Please reproduce the records exactly, leaving out any pictures.

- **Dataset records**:
----

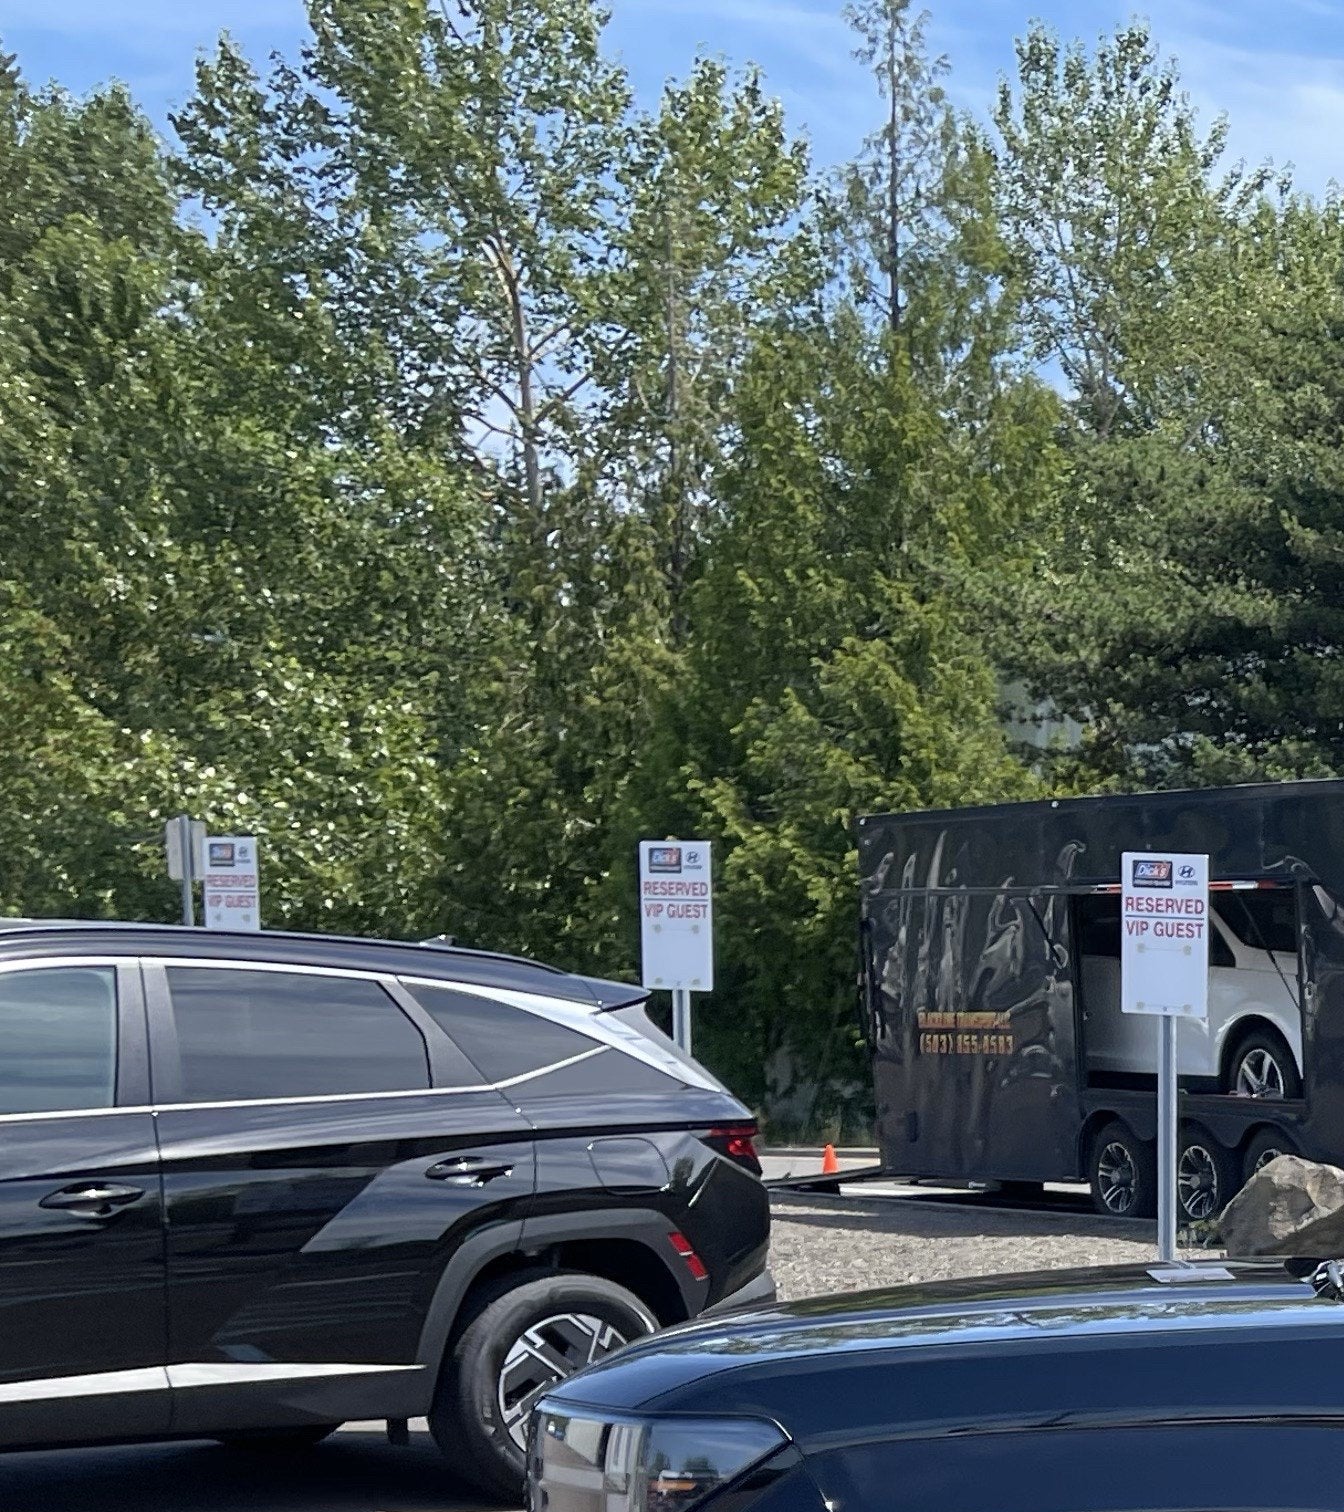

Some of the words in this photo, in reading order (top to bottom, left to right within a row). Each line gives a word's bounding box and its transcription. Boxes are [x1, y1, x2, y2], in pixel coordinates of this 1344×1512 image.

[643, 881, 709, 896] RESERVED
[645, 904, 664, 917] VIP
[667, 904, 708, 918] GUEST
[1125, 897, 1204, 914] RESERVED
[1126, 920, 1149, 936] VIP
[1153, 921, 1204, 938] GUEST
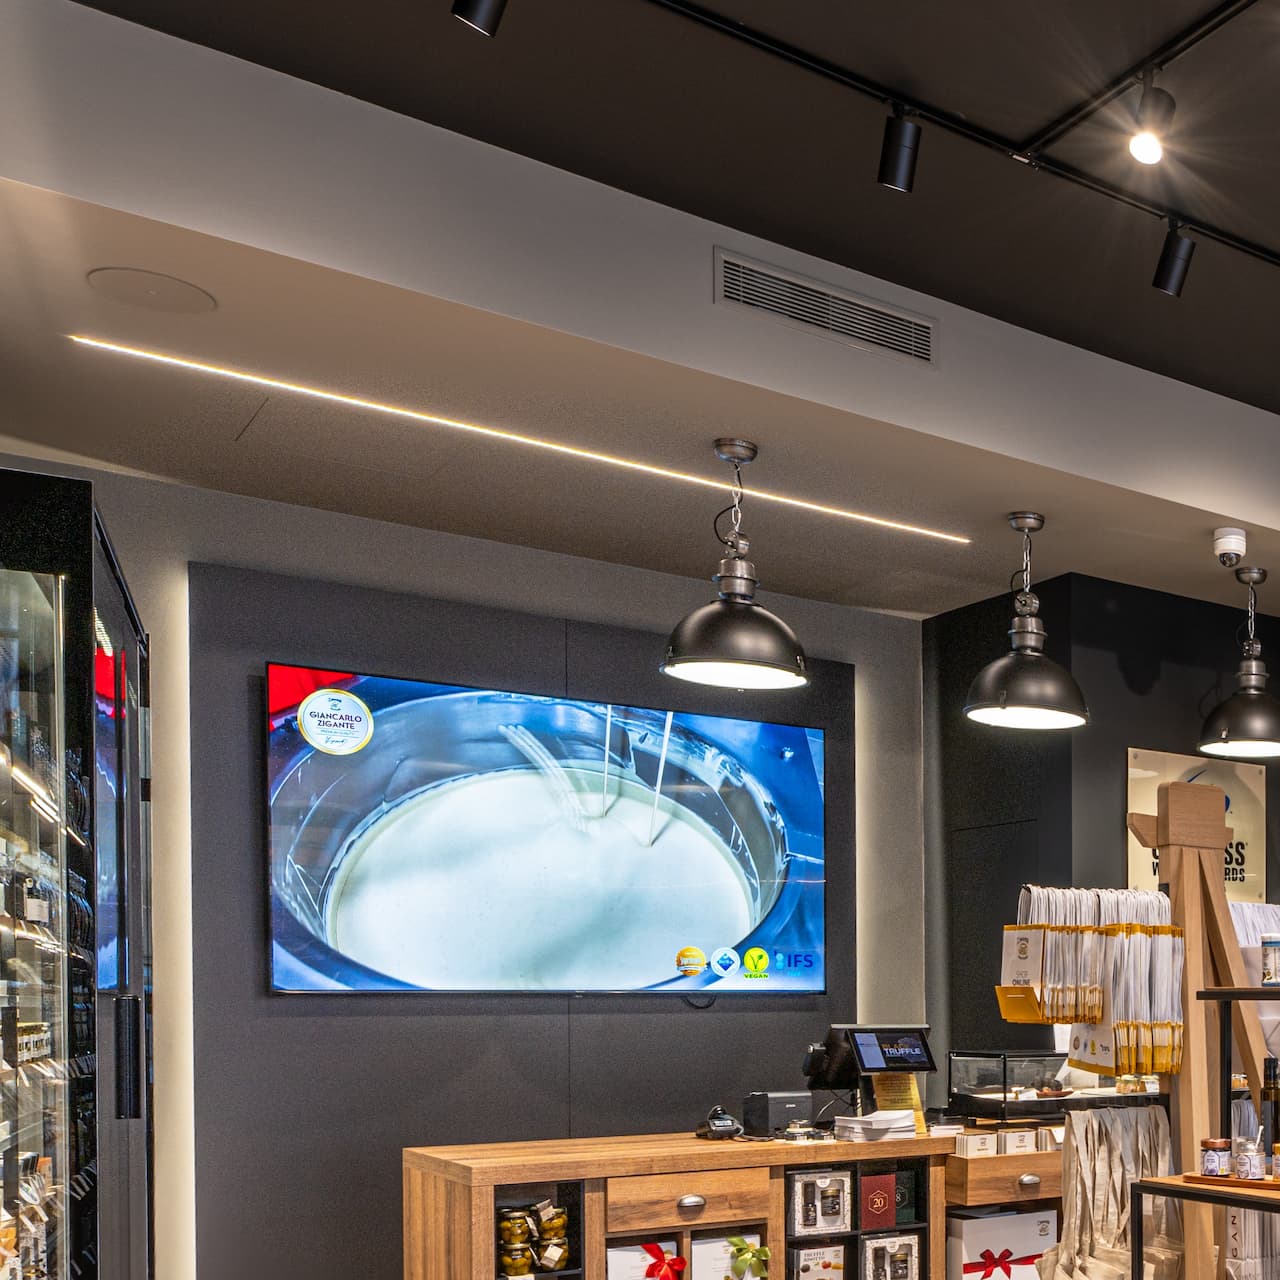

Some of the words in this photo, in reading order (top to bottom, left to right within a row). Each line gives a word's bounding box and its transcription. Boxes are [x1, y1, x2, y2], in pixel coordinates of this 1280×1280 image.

----

- **Your response**:
Some of the words in this photo, in reading order (top to bottom, left to right within a row). Each line gives a word's bounding box and its transcription. Boxes are [x1, y1, x2, y2], in pixel coordinates of this 1344×1512 image.

[643, 881, 709, 896] RESERVED
[645, 904, 664, 917] VIP
[667, 904, 708, 918] GUEST
[1125, 897, 1204, 914] RESERVED
[1126, 920, 1149, 936] VIP
[1153, 921, 1204, 938] GUEST

Some of the words in this photo, in reading order (top to bottom, left to right within a row). Each line gives a word's bounding box and its transcription. Boxes are [x1, y1, x2, y2], in pixel coordinates of this 1280×1280 image.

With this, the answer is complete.